Segment Start: Stored data

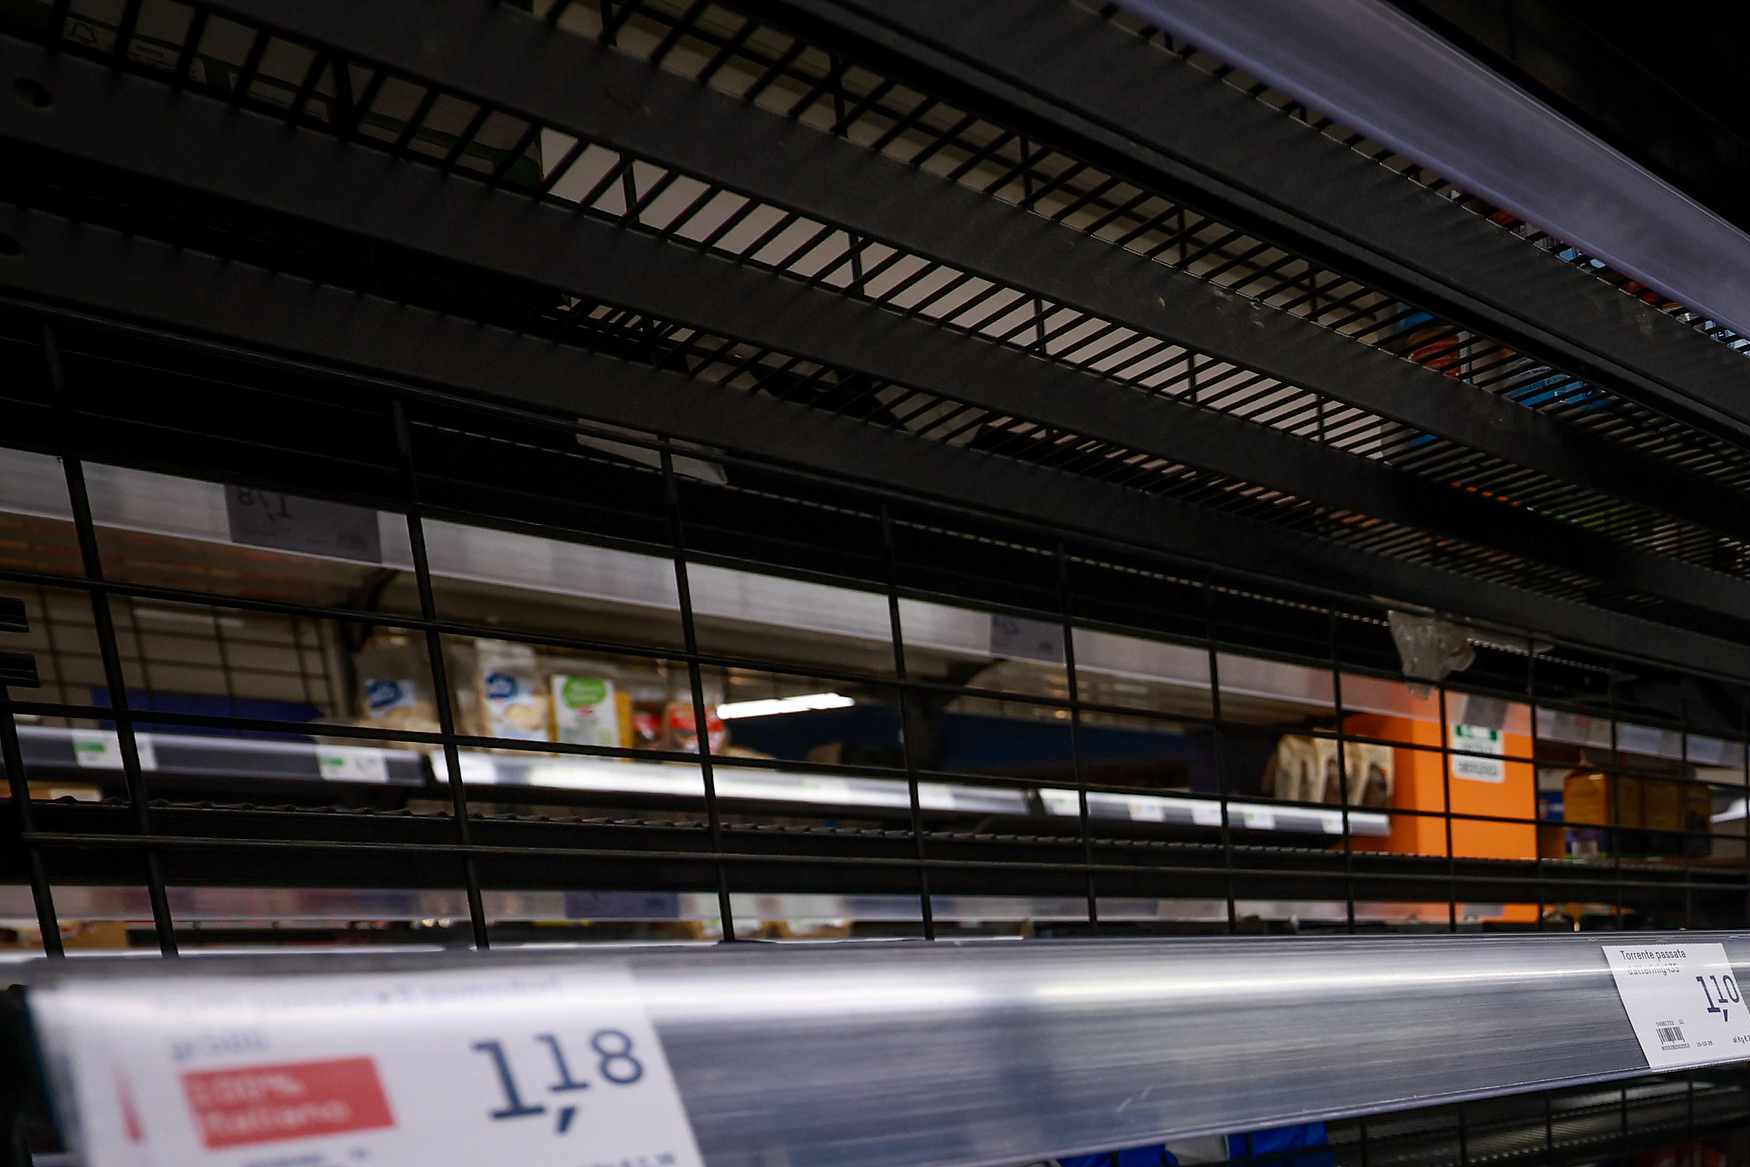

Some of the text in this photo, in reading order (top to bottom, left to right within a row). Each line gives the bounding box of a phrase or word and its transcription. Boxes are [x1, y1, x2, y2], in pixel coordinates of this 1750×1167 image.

[1620, 949, 1686, 961] Torrente passata
[1696, 974, 1740, 1022] 1,10
[471, 1028, 645, 1135] 1,18
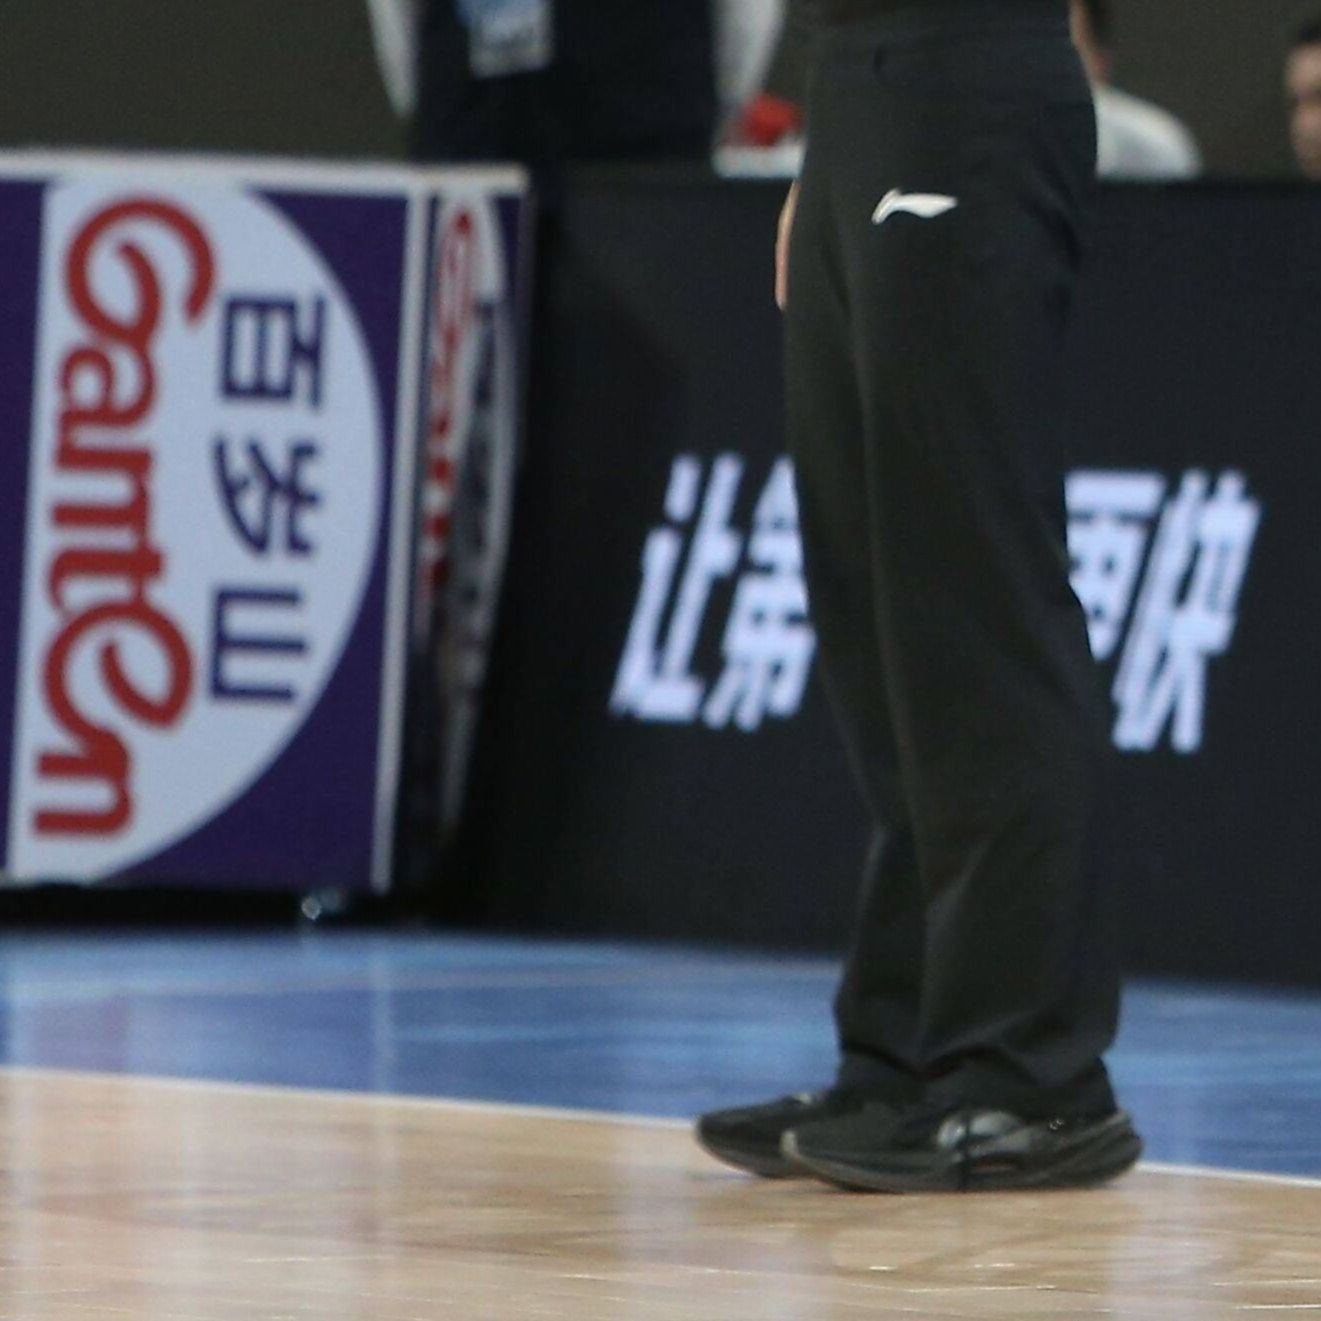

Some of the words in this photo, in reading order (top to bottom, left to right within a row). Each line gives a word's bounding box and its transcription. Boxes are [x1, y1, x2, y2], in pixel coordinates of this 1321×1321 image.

[32, 194, 217, 841] Ganten
[208, 292, 327, 703] 百岁山
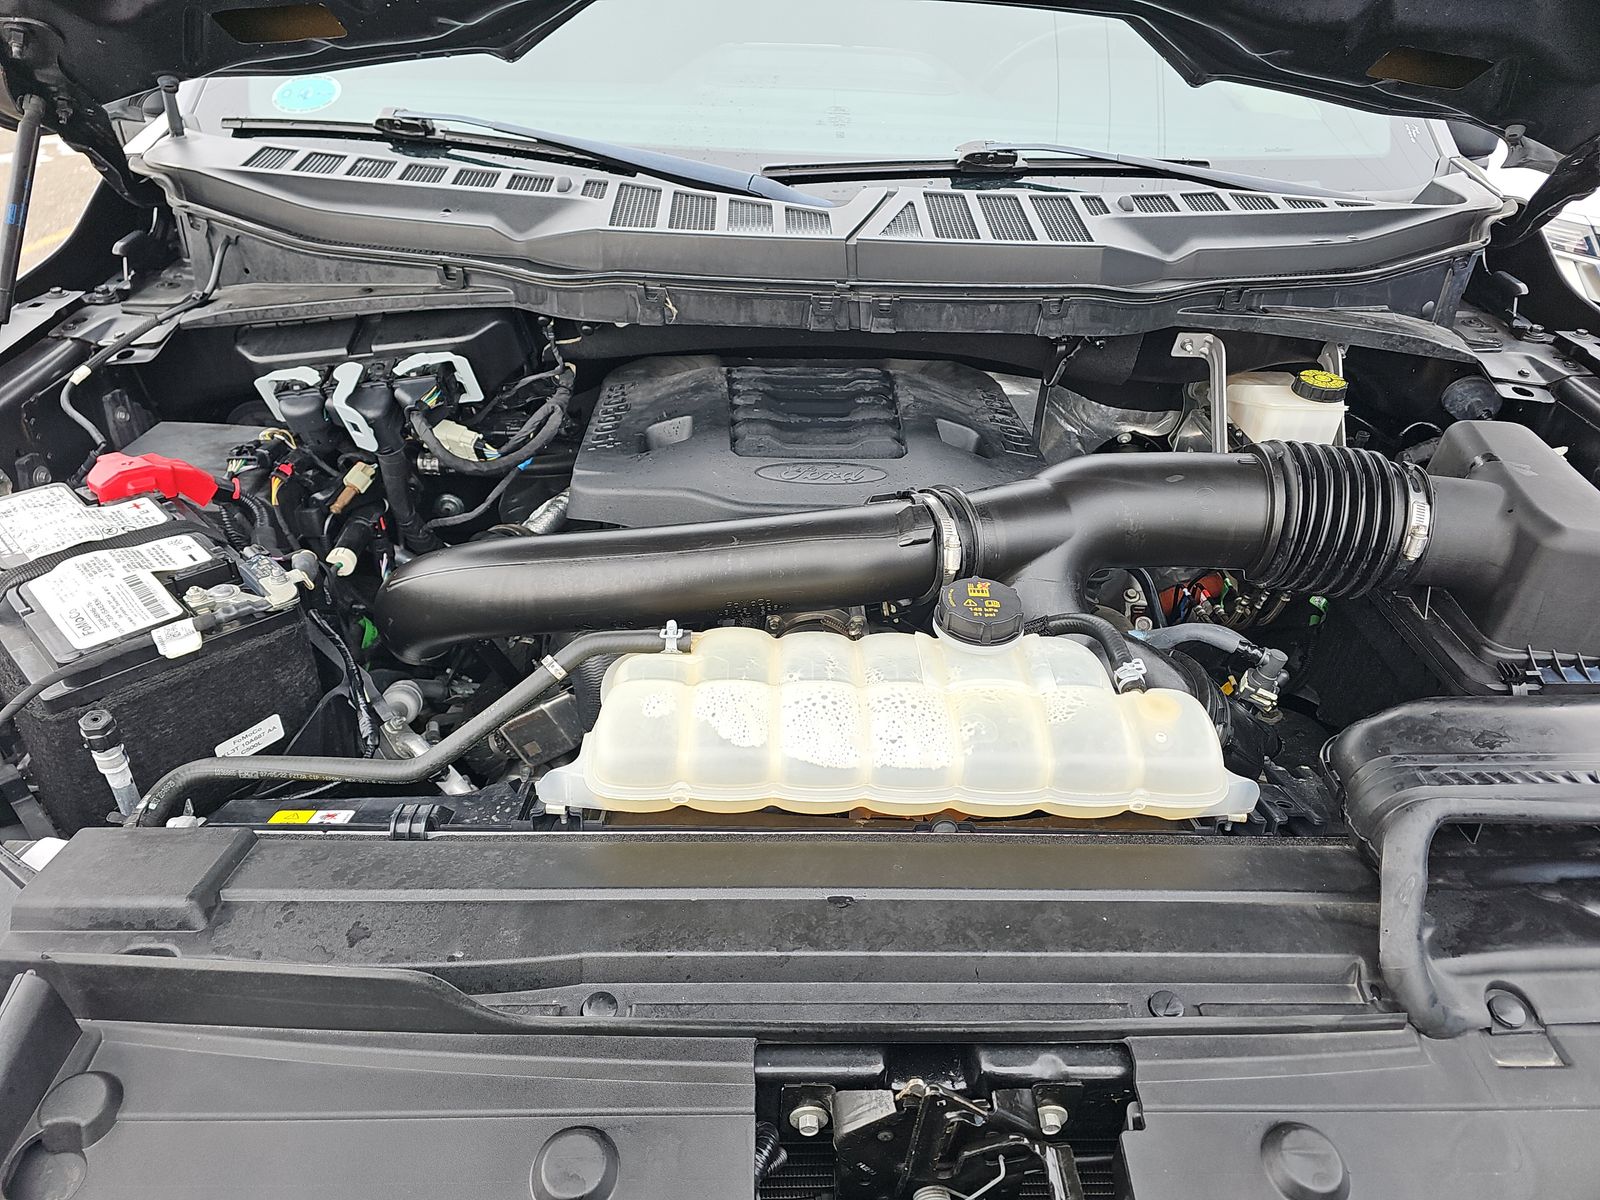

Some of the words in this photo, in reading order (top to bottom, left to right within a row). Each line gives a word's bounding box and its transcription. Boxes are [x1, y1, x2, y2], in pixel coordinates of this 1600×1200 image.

Segment End: Stored data

* What you are asked to do:
Please set down the records exactly, and keep every image out of the copy.

* Output for this task:
Some of the text in this photo, in reading order (top to bottom, left to right within a row). Each line gives the bounding box of a phrase or word and its transcription. Boxes are [x1, y1, x2, y2], in pixel coordinates of this 1750×1167 image.

[1620, 949, 1686, 961] Torrente passata
[1696, 974, 1740, 1022] 1,10
[471, 1028, 645, 1135] 1,18

Some of the words in this photo, in reading order (top to bottom, left to right within a row). Each line gives a word's bounding box and its transcription. Boxes are [x1, y1, x2, y2], in pixel coordinates of this 1321×1321 image.

[32, 194, 217, 841] Ganten
[208, 292, 327, 703] 百岁山

Some of the words in this photo, in reading order (top to bottom, left to right within a row). Each line gives a word's bounding box and its transcription. Boxes are [x1, y1, x2, y2], in pixel coordinates of this 1600×1200 image.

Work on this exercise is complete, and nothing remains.